Throughout the Fifties the British were washed with a steady stream of wartime imagery and military life and even two of the hit film comedies of 1958, Norman Wisdom’s The Square Peg and Carry On Sergeant (the first in the long-running – some would say interminable – series which would become a British institution) had WWII/National Service settings. Yet it was not only in the cinema. The war permeated the bookshops and libraries, two of the bestselling authors of non-fiction being Paul Brickhill and Lord Russell of Liverpool. Brickhill, an Australian fighter pilot and POW in Germany, became an international bestseller (and a fixture on most teenage boys’ bookshelves) with his retelling of true wartime exploits of the Royal Air Force. His books The Great Escape (1950), The Dam Busters (1951) which was the first Pan paperback to sell a million copies, and Reach for The Sky (1954), about the fighter ace Douglas Bader who had lost his legs in a pre-war flying accident, were said to have sold more than 5 million copies, been translated into seventeen languages and all were eventually made into very successful films.
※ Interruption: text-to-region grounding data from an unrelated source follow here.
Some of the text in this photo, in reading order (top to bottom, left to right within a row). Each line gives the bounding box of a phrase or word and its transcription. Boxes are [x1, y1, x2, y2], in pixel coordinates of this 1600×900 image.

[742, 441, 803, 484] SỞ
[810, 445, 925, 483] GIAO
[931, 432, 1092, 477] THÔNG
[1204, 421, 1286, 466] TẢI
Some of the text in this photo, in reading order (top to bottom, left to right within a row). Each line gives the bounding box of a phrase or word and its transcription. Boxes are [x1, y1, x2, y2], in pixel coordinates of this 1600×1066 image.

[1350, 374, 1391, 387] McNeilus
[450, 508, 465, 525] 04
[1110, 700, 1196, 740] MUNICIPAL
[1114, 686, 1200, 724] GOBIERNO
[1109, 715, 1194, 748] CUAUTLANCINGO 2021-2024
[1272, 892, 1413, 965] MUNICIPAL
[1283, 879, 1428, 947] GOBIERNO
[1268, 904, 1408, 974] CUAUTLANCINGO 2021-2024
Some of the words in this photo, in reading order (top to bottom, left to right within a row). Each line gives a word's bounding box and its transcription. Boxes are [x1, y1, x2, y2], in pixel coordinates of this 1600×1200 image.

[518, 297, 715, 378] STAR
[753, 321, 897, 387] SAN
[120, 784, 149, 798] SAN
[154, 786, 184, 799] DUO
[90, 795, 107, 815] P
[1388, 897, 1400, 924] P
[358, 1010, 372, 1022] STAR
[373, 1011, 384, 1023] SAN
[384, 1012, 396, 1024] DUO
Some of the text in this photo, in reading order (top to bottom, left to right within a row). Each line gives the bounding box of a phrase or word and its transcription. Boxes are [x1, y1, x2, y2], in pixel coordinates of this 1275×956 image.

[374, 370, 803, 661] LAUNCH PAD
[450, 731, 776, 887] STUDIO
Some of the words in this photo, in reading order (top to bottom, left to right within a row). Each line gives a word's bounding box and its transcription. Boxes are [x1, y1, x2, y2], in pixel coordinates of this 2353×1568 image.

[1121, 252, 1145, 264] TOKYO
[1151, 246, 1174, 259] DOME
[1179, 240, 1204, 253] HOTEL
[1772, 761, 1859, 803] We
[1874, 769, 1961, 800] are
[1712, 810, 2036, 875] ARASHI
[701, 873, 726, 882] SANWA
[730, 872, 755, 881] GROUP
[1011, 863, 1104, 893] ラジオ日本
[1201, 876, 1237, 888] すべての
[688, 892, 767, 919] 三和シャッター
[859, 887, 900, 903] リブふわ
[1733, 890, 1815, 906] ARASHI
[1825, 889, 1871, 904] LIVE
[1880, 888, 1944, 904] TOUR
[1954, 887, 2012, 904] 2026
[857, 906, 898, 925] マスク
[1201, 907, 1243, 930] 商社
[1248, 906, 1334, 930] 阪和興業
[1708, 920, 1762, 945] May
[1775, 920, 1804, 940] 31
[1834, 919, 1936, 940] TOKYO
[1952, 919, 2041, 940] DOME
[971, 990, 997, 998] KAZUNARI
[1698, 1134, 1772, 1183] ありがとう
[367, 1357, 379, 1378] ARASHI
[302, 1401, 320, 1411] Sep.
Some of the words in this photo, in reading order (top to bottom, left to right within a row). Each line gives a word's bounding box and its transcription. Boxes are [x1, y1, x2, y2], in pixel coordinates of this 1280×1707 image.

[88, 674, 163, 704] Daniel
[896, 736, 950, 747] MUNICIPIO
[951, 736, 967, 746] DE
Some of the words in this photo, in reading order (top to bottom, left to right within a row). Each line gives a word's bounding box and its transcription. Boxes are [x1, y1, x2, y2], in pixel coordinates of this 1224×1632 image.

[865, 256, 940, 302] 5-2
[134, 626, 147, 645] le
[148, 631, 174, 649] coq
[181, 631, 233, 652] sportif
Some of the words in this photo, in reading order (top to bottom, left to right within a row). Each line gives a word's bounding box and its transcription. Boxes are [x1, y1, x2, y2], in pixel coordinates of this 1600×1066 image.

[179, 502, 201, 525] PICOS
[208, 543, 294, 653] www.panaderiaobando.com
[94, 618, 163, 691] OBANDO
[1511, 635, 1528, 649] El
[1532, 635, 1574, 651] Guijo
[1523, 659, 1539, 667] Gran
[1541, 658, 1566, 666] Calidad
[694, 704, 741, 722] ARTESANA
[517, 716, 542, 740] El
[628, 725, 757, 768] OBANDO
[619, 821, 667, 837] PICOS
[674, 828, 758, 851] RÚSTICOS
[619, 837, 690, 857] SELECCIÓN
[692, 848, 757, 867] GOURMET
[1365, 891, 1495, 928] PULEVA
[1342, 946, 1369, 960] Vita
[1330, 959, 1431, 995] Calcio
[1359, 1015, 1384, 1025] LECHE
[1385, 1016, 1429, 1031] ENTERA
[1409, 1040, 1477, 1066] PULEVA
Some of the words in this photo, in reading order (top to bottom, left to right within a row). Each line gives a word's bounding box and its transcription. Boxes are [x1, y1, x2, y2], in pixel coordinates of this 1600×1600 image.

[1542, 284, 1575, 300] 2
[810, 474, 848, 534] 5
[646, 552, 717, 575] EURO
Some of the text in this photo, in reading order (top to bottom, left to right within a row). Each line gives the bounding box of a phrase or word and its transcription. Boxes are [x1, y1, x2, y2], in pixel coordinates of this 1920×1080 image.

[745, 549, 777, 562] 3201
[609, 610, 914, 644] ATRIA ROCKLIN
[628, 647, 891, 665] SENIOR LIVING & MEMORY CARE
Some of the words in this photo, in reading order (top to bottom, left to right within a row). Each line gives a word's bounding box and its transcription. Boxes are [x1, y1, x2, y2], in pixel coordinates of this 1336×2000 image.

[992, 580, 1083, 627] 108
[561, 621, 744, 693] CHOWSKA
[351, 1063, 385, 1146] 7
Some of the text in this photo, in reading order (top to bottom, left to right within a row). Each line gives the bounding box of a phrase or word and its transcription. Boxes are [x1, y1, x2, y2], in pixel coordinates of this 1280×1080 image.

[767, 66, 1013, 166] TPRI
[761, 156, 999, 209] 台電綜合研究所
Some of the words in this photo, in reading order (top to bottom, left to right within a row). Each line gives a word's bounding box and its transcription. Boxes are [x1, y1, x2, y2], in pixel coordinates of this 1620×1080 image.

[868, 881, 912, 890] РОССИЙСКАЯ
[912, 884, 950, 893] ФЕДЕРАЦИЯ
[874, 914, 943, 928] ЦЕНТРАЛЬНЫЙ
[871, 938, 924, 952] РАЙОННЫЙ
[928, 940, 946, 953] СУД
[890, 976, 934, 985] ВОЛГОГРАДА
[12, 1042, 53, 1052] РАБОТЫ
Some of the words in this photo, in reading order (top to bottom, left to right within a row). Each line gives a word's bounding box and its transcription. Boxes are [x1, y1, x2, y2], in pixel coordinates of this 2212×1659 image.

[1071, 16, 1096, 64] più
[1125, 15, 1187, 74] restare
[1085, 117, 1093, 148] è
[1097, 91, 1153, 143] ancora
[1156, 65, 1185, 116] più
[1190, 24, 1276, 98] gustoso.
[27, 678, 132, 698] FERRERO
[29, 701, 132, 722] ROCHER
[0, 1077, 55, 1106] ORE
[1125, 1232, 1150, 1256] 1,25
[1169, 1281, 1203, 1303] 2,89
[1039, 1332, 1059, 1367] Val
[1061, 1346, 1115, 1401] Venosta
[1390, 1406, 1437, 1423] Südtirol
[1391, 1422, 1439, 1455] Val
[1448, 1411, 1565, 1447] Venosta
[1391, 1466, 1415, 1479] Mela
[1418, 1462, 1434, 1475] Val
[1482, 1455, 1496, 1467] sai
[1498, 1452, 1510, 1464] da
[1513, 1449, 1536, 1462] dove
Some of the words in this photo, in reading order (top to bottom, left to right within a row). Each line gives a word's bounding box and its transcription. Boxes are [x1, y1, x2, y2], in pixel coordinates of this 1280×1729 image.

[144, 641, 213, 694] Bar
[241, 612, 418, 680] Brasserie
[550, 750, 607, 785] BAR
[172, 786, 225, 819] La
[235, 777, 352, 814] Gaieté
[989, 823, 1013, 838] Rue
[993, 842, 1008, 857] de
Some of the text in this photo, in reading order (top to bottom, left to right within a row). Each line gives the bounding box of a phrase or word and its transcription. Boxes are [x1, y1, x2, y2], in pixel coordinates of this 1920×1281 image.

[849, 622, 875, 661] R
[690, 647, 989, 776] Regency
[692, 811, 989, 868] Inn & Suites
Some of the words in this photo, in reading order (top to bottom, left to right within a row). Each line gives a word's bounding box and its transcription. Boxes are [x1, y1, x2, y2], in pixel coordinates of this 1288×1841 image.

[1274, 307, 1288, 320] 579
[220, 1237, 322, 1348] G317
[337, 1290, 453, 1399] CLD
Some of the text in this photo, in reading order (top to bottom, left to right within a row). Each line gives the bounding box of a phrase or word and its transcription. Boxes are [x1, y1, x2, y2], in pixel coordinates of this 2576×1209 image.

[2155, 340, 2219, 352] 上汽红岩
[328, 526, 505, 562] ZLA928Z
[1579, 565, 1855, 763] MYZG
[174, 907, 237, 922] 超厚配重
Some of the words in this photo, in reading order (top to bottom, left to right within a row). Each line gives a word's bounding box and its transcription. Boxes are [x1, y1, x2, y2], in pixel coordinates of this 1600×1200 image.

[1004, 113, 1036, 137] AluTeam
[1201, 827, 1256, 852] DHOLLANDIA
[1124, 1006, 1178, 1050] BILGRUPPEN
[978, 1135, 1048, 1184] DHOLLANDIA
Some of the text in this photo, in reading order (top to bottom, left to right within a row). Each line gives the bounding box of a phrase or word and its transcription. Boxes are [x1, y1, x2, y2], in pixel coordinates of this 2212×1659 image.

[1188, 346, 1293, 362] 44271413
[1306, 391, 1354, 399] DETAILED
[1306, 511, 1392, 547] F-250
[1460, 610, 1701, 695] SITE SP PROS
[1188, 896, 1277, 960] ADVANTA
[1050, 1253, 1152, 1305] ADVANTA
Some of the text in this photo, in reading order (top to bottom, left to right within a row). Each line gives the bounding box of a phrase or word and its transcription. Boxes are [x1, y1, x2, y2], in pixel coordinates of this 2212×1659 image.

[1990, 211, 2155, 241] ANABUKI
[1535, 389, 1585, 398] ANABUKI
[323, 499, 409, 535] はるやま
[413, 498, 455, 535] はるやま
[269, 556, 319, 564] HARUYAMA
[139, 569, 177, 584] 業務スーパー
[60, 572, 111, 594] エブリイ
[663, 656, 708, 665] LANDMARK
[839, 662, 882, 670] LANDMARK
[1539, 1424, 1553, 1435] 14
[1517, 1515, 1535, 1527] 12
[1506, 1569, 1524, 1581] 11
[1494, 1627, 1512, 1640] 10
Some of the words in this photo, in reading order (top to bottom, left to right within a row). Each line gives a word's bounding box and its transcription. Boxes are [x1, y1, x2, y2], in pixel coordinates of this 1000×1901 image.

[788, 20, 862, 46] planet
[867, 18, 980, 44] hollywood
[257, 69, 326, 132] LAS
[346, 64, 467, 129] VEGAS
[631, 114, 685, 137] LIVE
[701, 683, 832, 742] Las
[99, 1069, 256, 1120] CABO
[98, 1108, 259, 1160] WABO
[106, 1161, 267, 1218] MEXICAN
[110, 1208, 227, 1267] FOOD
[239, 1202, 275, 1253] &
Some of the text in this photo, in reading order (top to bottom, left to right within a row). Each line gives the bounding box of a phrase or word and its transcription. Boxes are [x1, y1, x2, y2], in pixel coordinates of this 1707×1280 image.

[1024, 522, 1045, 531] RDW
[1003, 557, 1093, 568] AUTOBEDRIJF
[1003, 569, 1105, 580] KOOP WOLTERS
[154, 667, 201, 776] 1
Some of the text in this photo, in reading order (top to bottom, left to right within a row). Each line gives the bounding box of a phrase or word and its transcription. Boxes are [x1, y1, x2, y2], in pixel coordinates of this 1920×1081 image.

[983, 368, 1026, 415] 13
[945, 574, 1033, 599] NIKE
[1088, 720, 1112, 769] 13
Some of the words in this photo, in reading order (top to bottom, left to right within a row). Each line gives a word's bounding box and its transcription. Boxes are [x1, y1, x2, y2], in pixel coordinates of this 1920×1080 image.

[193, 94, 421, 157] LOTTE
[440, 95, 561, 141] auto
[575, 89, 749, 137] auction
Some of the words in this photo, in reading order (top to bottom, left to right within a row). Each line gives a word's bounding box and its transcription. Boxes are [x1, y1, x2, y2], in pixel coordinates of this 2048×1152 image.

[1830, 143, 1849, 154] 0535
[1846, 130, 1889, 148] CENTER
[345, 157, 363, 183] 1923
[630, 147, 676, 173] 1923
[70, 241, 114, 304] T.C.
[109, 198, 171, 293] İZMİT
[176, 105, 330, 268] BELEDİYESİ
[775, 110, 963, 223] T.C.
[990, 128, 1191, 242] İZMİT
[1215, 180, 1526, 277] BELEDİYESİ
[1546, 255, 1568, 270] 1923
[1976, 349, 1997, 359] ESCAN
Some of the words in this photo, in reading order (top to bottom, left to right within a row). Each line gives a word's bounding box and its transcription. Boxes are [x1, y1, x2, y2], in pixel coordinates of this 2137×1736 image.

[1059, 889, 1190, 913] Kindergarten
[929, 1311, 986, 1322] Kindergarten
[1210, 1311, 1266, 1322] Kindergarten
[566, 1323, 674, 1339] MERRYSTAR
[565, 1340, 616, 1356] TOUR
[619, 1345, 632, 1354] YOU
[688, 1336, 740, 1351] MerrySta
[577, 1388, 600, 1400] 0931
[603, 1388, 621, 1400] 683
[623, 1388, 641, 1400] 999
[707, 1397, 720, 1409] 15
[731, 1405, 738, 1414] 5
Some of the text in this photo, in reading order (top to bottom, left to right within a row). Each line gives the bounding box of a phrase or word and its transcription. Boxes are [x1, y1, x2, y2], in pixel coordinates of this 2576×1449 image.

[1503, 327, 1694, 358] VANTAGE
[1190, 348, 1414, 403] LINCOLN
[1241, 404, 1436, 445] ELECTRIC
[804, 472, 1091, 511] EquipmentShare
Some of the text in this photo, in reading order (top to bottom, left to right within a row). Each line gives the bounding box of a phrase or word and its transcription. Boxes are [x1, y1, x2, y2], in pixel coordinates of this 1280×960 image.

Lord Russell of Liverpool, a lawyer and a prosecutor of Nazi war criminals, was inspired and appalled by his legal duties and produced a controversial bestseller in 1954 in Scourge of the Swastika. This history of Nazi war crimes shocked and awed a huge readership, whilst attracting criticism for being sensationalist. Seemingly undeterred, Lord Russell followed up his success with The Knights of Bushido, dealing with Japanese war crimes and atrocities in the Far East, in 1958.2
The Dam Busters, Pan, 1954
Honour the Shrine, Coronet, 1968
Conditions in Japanese prison camps had already been chillingly documented in Russell Braddon’s The Naked Island, published with drawings by Braddon’s fellow POW Ronald Searle (famous for his illustrations of St Trinian’s and the Molesworth books). The book’s original publication date in February 1952 was overshadowed by the death of King George VI and the initial print run cut to 3,000 copies. Despite few reviews and little publicity, the reputation of the book spread and by the summer of 1952, thanks to rapid reprinting, it had sold 100,000 copies. It was published as a Pan paperback in 1955 with a cover that became iconic – a defiant prisoner giving Churchill’s ‘V-for-Victory’ sign to a threatening Japanese bayonet (a variation of that cover still being used in the 1980s) – and went on to sell more than a million copies. Pan Books had another success on their hands with the epic escape story You’ll Die in Singapore by Charles McCormac (reprinted by Pan Australia as recently as 2009).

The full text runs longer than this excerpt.